SUMOylation is a key modulator of glucocorticoid receptor activity in neuronal cells

MARIA ANTUNICA NOGUEROL; MAIA LUDMILA BUDZIÑSKI; CLARA SOKN; SERGIO SENIN; NILS GASSEN; THEO REIN; ANA C LIBERMAN; EDUARDO ARZT

Congreso; XXX Reunion Cientifica Anual, Sociedad Argentina de Investigación en Neurociencias (SAN); 2015

FK506-binding protein 51 (FKBP51) is an Hsp90 cochaperone that regulates the activity of the glucocorticoid receptor (GR) and is therefore critical for the stress response. The molecular mechanisms underlying its functional regulation remains elusive.
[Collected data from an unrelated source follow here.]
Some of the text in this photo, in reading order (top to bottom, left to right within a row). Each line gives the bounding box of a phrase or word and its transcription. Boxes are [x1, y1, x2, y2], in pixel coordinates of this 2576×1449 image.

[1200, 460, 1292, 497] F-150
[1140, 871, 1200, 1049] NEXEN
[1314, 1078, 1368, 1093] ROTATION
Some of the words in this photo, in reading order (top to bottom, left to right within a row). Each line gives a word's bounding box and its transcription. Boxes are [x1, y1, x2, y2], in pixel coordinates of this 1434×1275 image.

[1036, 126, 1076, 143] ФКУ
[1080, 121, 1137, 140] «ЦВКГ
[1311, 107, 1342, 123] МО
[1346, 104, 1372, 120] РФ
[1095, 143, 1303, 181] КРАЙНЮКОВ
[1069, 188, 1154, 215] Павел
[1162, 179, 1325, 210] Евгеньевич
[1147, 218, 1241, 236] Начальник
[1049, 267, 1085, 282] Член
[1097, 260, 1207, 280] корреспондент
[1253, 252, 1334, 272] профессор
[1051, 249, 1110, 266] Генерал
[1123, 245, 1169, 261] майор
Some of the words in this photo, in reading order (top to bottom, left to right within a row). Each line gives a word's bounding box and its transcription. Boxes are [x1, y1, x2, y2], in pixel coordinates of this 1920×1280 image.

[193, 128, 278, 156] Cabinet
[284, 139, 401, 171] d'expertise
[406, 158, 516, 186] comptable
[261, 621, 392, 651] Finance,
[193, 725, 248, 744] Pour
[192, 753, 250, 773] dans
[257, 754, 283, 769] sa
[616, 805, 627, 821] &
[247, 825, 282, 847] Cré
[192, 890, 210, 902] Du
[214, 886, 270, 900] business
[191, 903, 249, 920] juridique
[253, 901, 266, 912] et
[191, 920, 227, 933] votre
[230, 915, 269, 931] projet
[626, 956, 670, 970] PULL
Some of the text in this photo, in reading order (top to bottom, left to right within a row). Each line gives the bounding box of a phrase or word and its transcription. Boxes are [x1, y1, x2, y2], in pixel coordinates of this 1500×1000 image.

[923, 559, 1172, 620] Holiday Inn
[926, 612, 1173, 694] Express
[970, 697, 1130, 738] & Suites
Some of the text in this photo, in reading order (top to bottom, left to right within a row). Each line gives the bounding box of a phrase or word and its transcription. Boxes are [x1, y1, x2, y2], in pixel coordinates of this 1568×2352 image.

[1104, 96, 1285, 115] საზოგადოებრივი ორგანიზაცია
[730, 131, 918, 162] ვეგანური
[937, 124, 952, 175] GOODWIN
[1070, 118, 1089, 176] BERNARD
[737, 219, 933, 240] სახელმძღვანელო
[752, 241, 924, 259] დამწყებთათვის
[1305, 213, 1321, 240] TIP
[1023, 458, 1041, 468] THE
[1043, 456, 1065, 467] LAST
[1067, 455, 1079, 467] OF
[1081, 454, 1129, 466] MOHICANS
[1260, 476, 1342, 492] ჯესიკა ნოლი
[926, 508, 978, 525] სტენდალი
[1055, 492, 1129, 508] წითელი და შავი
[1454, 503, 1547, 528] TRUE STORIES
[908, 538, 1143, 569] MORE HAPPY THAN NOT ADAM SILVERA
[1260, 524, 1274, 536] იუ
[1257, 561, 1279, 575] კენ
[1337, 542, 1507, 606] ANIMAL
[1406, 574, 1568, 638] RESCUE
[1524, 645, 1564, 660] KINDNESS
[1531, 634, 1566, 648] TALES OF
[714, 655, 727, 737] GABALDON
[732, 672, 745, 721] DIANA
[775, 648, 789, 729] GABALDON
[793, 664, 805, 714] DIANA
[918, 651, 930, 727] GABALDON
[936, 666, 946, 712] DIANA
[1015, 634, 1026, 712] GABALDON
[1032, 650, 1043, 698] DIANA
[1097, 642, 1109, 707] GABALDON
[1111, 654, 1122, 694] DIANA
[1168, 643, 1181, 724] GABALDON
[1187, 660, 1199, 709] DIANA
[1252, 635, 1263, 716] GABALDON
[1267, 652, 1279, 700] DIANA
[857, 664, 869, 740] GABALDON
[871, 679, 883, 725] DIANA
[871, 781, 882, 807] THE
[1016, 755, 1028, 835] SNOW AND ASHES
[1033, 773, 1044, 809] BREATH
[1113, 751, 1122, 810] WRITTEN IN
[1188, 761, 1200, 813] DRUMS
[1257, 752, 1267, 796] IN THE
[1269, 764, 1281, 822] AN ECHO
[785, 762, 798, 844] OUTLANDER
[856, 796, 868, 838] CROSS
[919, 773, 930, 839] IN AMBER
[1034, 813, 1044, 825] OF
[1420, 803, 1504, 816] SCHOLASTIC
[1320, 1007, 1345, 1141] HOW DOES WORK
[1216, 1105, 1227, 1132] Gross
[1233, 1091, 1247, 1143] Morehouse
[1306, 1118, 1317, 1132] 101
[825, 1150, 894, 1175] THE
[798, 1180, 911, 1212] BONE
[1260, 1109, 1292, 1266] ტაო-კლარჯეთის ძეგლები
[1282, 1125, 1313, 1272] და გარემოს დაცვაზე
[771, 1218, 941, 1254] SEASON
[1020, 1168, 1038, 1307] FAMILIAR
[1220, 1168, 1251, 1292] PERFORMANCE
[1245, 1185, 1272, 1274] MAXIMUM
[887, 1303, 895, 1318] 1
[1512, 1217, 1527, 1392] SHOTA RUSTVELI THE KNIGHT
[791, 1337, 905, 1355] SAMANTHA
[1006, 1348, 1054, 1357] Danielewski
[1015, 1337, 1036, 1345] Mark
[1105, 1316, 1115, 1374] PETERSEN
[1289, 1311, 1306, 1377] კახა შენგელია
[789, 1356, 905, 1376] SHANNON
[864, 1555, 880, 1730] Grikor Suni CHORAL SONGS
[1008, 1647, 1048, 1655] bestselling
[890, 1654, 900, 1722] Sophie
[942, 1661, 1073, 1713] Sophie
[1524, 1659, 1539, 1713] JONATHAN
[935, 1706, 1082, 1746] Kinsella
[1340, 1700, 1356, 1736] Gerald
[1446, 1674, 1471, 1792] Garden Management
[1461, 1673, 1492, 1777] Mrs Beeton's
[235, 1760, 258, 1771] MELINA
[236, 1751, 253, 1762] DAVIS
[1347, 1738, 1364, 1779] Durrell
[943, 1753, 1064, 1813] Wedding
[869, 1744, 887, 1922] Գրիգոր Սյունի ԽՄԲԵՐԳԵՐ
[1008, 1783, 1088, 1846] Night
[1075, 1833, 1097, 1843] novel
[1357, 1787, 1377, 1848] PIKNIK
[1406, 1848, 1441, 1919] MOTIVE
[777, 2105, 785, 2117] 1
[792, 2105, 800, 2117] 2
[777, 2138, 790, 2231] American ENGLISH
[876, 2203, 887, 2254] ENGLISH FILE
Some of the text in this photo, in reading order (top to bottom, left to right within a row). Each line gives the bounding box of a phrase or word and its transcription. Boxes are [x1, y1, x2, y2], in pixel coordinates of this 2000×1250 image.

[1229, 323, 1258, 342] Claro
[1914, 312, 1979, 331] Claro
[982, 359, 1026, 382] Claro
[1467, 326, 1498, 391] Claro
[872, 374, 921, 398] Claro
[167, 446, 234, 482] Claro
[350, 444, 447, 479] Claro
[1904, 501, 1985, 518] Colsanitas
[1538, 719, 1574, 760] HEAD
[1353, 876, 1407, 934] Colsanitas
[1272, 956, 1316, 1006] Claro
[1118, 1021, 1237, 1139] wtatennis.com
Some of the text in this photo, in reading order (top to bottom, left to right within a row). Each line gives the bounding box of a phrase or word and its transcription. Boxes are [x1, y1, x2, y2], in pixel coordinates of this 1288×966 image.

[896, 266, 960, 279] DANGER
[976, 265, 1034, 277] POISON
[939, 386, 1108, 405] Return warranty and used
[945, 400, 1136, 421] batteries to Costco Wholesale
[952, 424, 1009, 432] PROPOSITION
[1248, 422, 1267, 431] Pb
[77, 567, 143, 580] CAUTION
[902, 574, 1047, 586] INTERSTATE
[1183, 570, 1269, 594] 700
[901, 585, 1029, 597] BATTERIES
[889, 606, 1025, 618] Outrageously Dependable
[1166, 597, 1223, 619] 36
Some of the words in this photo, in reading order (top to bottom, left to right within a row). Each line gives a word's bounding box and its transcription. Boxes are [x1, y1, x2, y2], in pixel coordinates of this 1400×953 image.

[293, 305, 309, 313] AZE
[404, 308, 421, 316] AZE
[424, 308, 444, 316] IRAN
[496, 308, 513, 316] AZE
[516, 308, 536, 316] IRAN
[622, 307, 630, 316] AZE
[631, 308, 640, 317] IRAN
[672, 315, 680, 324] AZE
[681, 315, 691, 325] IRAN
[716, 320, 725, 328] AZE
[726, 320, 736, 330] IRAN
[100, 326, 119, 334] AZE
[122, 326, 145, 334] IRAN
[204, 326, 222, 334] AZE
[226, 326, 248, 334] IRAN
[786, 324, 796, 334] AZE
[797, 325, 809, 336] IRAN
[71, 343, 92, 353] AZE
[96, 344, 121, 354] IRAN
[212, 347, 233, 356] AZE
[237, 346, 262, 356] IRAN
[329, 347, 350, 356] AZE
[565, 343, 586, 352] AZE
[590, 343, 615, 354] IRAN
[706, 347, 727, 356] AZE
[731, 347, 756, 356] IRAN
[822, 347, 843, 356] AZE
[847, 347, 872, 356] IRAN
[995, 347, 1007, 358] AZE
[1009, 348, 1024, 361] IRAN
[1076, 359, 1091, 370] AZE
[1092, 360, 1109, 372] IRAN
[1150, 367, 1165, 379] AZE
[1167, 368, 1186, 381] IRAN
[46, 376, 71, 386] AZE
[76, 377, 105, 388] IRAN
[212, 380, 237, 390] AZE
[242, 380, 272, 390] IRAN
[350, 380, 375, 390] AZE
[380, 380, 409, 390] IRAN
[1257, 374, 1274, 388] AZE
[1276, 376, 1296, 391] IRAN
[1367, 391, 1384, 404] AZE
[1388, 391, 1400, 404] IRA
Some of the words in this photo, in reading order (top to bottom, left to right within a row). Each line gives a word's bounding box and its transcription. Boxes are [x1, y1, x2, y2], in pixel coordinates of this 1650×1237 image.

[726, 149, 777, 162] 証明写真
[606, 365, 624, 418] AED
Here, we show that FKBP51 is a novel SUMOylation target. We identify lysine 422 as the major small ubiquitin-like modifier (SUMO) attachment site and PIAS4 as the E3 ligase that enhances its SUMOylation. SUMO conjugation to FKBP51 is required for the inhibition of GR activity. FKBP51 SUMOylation occurs in hippocampal neuronal cells and impacts on GR-dependent neuronal signaling and differentiation. SUMOylation of FKBP51 allows for its interaction with Hsp90 and its recruitment to the GR chaperone complex, and is therefore critical for its inhibitory action on GR hormone binding affinity and nuclear translocation. Our findings establish SUMO conjugation as a novel regulatory mechanism in the Hsp90 cochaperone activity of FKBP51 with a functional impact on GR action on differentiation and stress response.